Quick self-audit checklist
  • No static cloud keys in repo or CI variables when OIDC is available.
  • All secrets masked; verbose logging disabled around secret use.
  • Secrets scoped to environment/branch; prod secrets only on protected runners.
  • Rotation process exists and is tested.
  • Secrets never land in artifacts or container layers.

Exercises

Do these hands-on. They mirror the graded exercises below.

Exercise 1: Spot and fix leaks

Review this CI snippet.
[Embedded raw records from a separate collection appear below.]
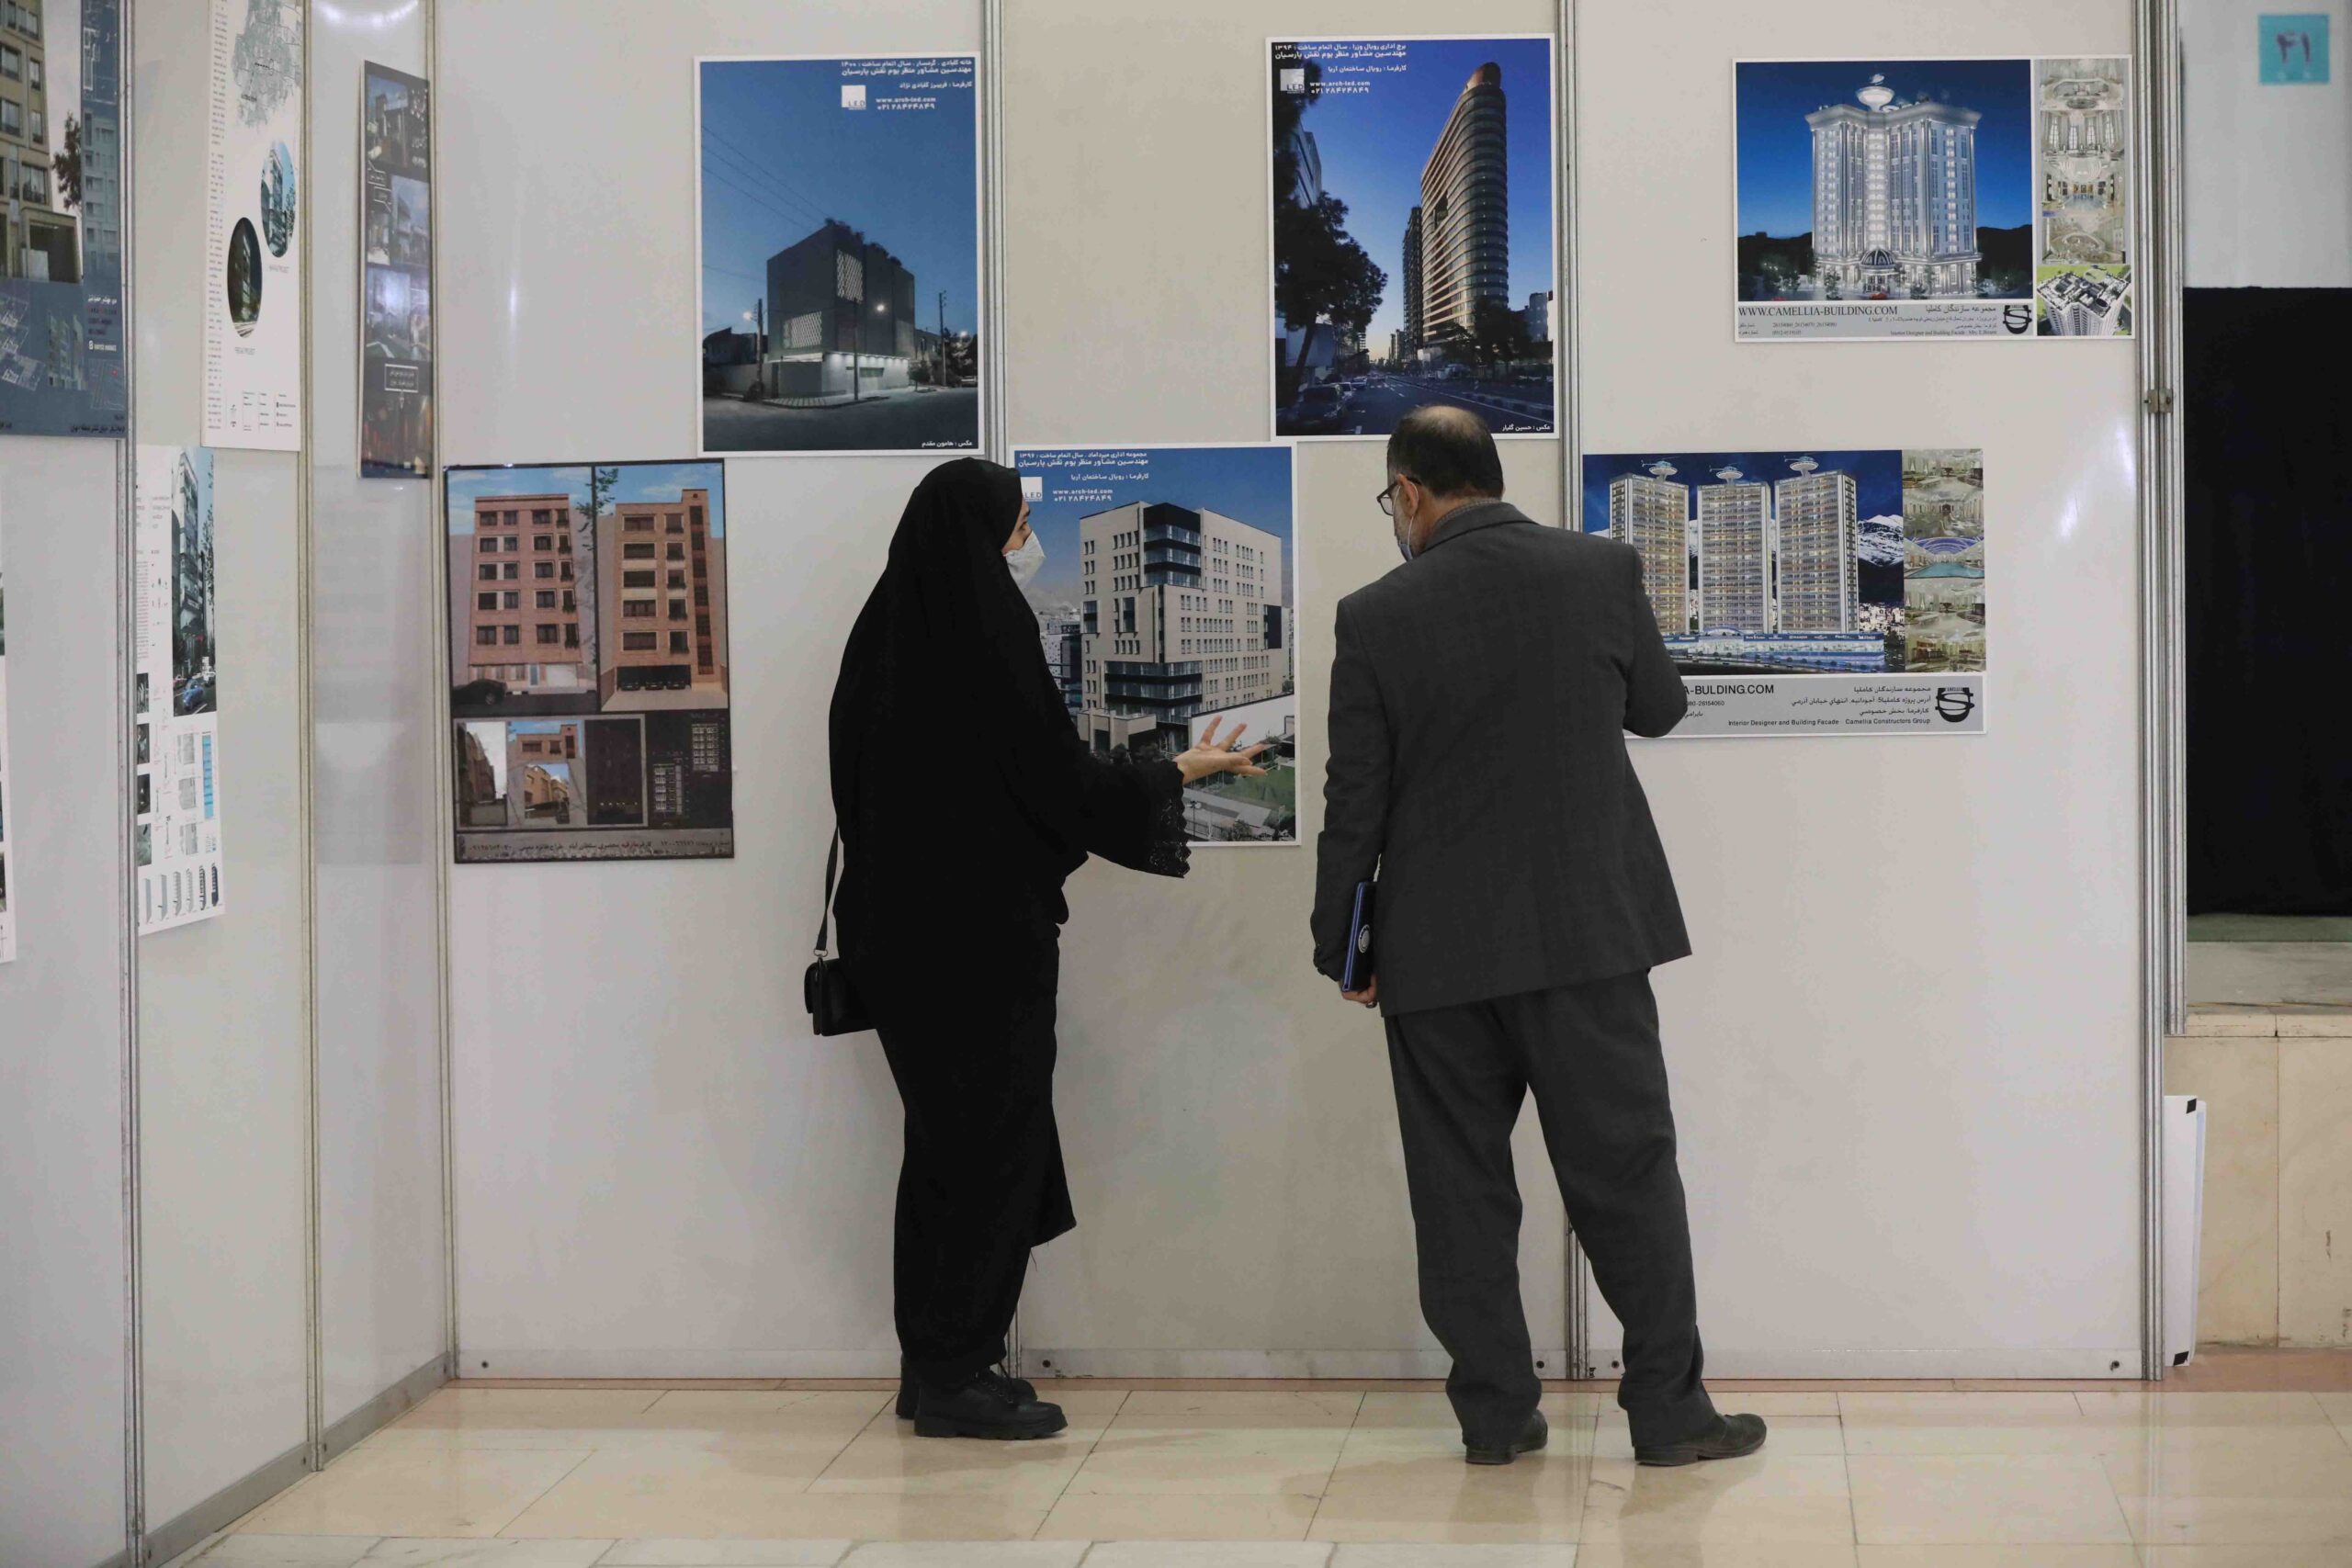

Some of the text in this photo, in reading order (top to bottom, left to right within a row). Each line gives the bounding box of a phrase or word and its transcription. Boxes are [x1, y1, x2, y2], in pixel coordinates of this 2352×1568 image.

[1275, 51, 1302, 60] پارسیان
[1304, 51, 1320, 59] نقش
[1335, 51, 1350, 59] منظر
[1739, 306, 1897, 316] WWW.CAMELLIA-BUILDING.COM
[1018, 459, 1045, 468] پارسیان
[1093, 458, 1115, 467] مشاور
Identify every risk and propose fixes.

jobs:
  deploy:
    runs-on: ubuntu-latest
    env:
      DOCKER_PASS: mySuperSecret123
    steps:
      - run: |
          set -x
          echo "Logging in"
          docker login -u user -p $DOCKER_PASS
          echo "Password was $DOCKER_PASS"  # debug
      - run: |
          export AWS_ACCESS_KEY_ID=AKIA... # added for convenience
          export AWS_SECRET_ACCESS_KEY=abcd...
          aws s3 ls
  • List the issues and for each, write a safer alternative.
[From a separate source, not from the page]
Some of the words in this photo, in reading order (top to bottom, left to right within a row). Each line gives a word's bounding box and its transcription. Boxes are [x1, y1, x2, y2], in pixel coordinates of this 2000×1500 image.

Exercise 2: Short-lived cloud access

Write a CI job that deploys to a cloud bucket using short-lived credentials (OIDC/workload identity). No static keys. Prove in logs that no key is printed.
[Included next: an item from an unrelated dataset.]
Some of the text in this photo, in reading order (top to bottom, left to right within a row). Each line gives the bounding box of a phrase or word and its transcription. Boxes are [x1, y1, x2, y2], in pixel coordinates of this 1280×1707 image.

  • Deliverable: CI YAML with id-token permission (or equivalent), a call showing the caller identity, and a deployment step with set +x around sensitive commands.
Readiness checklist before you submit
  • Zero plaintext secrets in YAML.
  • No secret value appears in any echo or log line.
  • Permissions are minimal (only the actions required).
  • Secrets are injected only into the steps that need them.
  • Rotation or expiry is documented.

Practical projects

  • Project 1: Migrate from static registry credentials to a scoped robot account + masked password, then rotate it and prove zero downtime.
  • Project 2: Replace static cloud keys with OIDC role assumption; remove old keys; add an automated check that fails if keys reappear.
  • Project 3: Implement sealed/external secrets for a Kubernetes deployment. Ensure CI applies manifests without ever holding plaintext.

Learning path

  • Start: Understand masking, scoping, and safe logging.
  • Next: Implement OIDC/workload identity for one cloud.
  • Then: Add scanning and rotation automation.
  • Advanced: Dynamic secrets (e.g., DB creds) and per-environment isolation.

Who this is for

  • Platform and DevOps engineers wiring CI/CD to cloud and Kubernetes.
  • Backend engineers who own deployment pipelines.
  • Security engineers improving supply-chain hardening.

Prerequisites

  • Basic CI/CD YAML skills (any major system).
  • Familiarity with cloud IAM concepts (roles, policies).
  • Comfort with shell scripting and environment variables.

Next steps

  • Do the exercises and projects above.
  • Run a secrets audit on a real pipeline and fix at least three issues.
  • When ready, take the Quick Test. Everyone can take it; only logged-in users get saved progress.

Mini challenge

Within one day, remove all static cloud keys from one pipeline using OIDC or equivalent, prove the job still works, and document the change so teammates can follow the pattern.

Practice Exercises

2 exercises to complete

Instructions

Review this CI snippet. Identify each risk and propose a safer alternative for every line that mishandles secrets.

jobs:
  deploy:
    runs-on: ubuntu-latest
    env:
      DOCKER_PASS: mySuperSecret123
    steps:
      - run: |
          set -x
          echo "Logging in"
          docker login -u user -p $DOCKER_PASS
          echo "Password was $DOCKER_PASS"  # debug
      - run: |
          export AWS_ACCESS_KEY_ID=AKIA... # added for convenience
          export AWS_SECRET_ACCESS_KEY=abcd...
          aws s3 ls
  • List all issues.
  • Rewrite the snippet to avoid these problems.
Expected Output
- A list of at least five issues with explanations. - A revised CI snippet that uses masked variables or OIDC, avoids echoing secrets, and disables verbose logging around sensitive commands.